Section III. Portée de l’approche par les capabilités : dépasser le théorème d’impossibilité d’Arrow ?

Présentée par Sen (1980a) comme un prolongement naturel de l'intérêt de Rawls (1971) pour les biens premiers, l’approche par les capabilités apparaît dans le cadre d'une discussion de philosophie morale sur l'égalité. Il la mobilise et l’approfondit ensuite lors de l'exploration de sujets plus empiriques dans le cadre cette fois de l'économie du développement. Bien que cette approche soit souvent considérée comme un dépassement de la théorie rawlsienne de la justice, l'approche par les capabilités de Sen est délibérément laissée incomplète et ne constitue pas à proprement parler une théorie de la justice 18 . Les applications peuvent être diverses dans leurs formes comme dans leurs objectifs, pouvant servir aussi bien les travaux des universitaires que ceux des activistes ou des conseillers politiques :

‘[Les applications] peuvent être abstraites et philosophiques, ou appliquées et pratiques. Elles peuvent être théoriques et empiriques. Elles peuvent concerner des dimensions sociales, politiques, économiques, légales, psychologiques ou autres de l’avantage, prises ensemble ou individuellement ou sous n’importe quelle forme de combinaison. Elles peuvent être définies pour un contexte global ou local. (Robeyns, 2005, p. 70)’

Sen n’a jamais spécifié de format d’application ou de liste universelle de capabilités. En cela, il se distingue de Martha Nussbaum, une philosophe avec qui il a pourtant collaboré 19 . Les différences entre l’approche par les capabilités de Sen et celle de Nussbaum peuvent être mieux comprises si l’on garde à l’esprit leurs domaines de spécialité respectifs. Nussbaum est plutôt ancrée dans la philosophie aristotélicienne et la recherche sur la « vie bonne », voire même les approches en termes de droits constitutionnels. En revanche, les travaux de Sen trouvent leurs racines et leur motivation dans l’économie du bien-être, et plus spécialement dans son dernier avatar, la théorie du choix social. Pour cette raison, ses travaux reposent sur la recherche de procédures démocratiques justes et cohérentes pour établir une liste de capabilités (Robeyns, 2005, p. 71).

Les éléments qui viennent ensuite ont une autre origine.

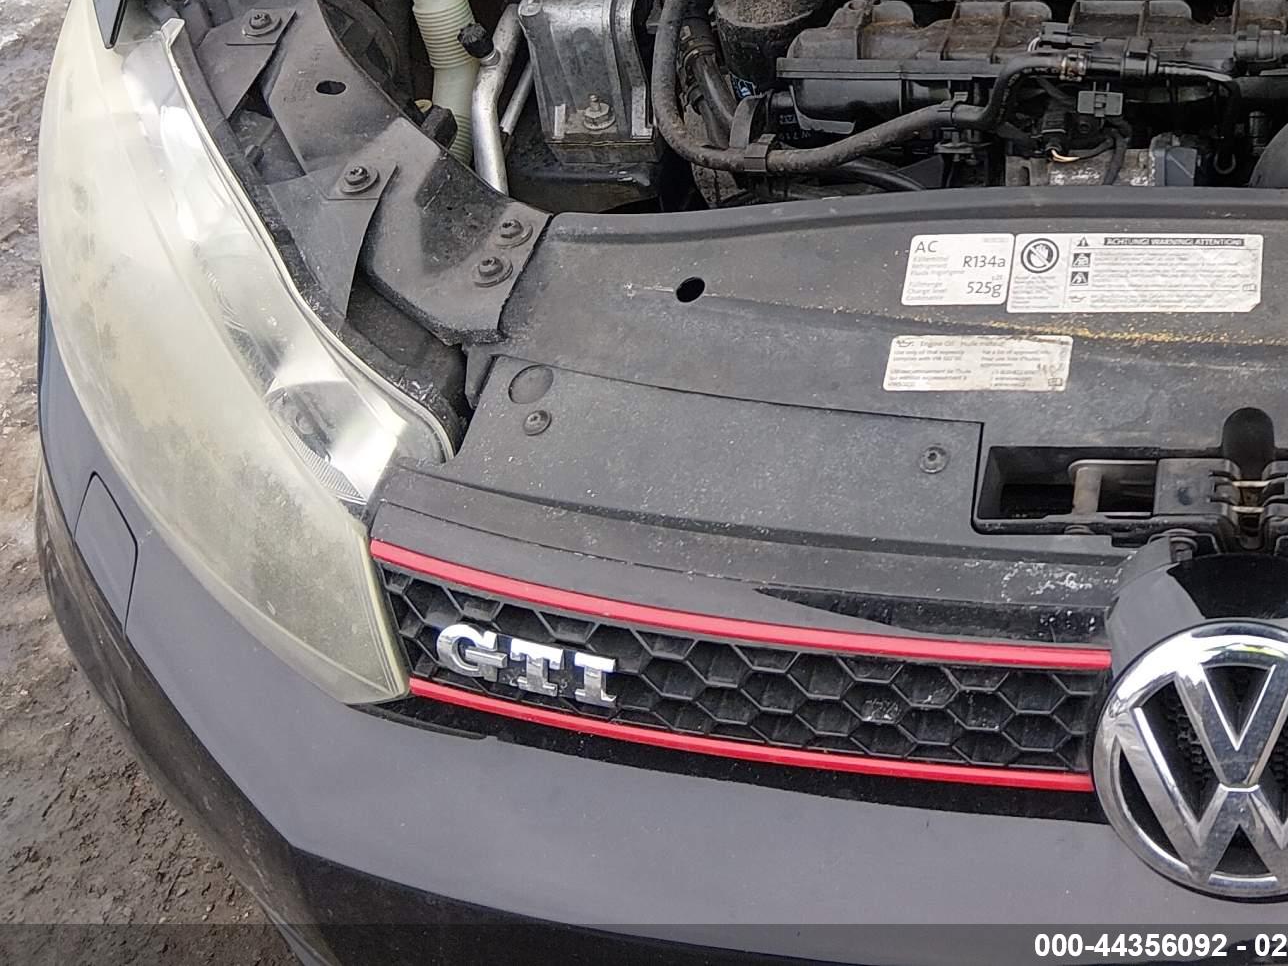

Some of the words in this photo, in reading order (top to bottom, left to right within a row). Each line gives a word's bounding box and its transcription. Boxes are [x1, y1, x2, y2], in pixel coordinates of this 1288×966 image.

L’approche par les capabilités telle que la conçoit Sen ne possède donc ni les ambitions ni le caractère prescriptif d’une théorie de la justice. On ne peut donc pas l’envisager comme alternative à la théorie de la justice comme équité de Rawls. Bien qu’elle soit souvent présentée en des termes très philosophiques ou qu’elle semble s’adresser plus spécialement aux économistes du développement, voire aux économistes féministes 20 , nous pensons que cette approche est issue d’un programme de recherche très néoclassique. Plus précisément, nous souhaitons montrer que Sen a élaboré l’approche par les capabilités comme une approche du choix social visant à dépasser le « théorème d'impossibilité » d’Arrow (1950, 1951), plutôt que comme un prolongement de la théorie de la justice rawlsienne. Ce point de vue est peu courant et cela se comprend lorsque l’on considère l’apparent éclatement de ses travaux. Si l’on se réfère à sa bibliographie publiée par l’Académie Royale des Sciences de Suède (1999b), on remarque une classification de ses écrits en pas moins de douze thèmes 21 , dont la plupart sont des champs spécialisés de la discipline générale que forme la « science économique » 22 . L’approche par les capabilités est principalement abordée en philosophie morale, en économie du développement et en économie de la famille 23 .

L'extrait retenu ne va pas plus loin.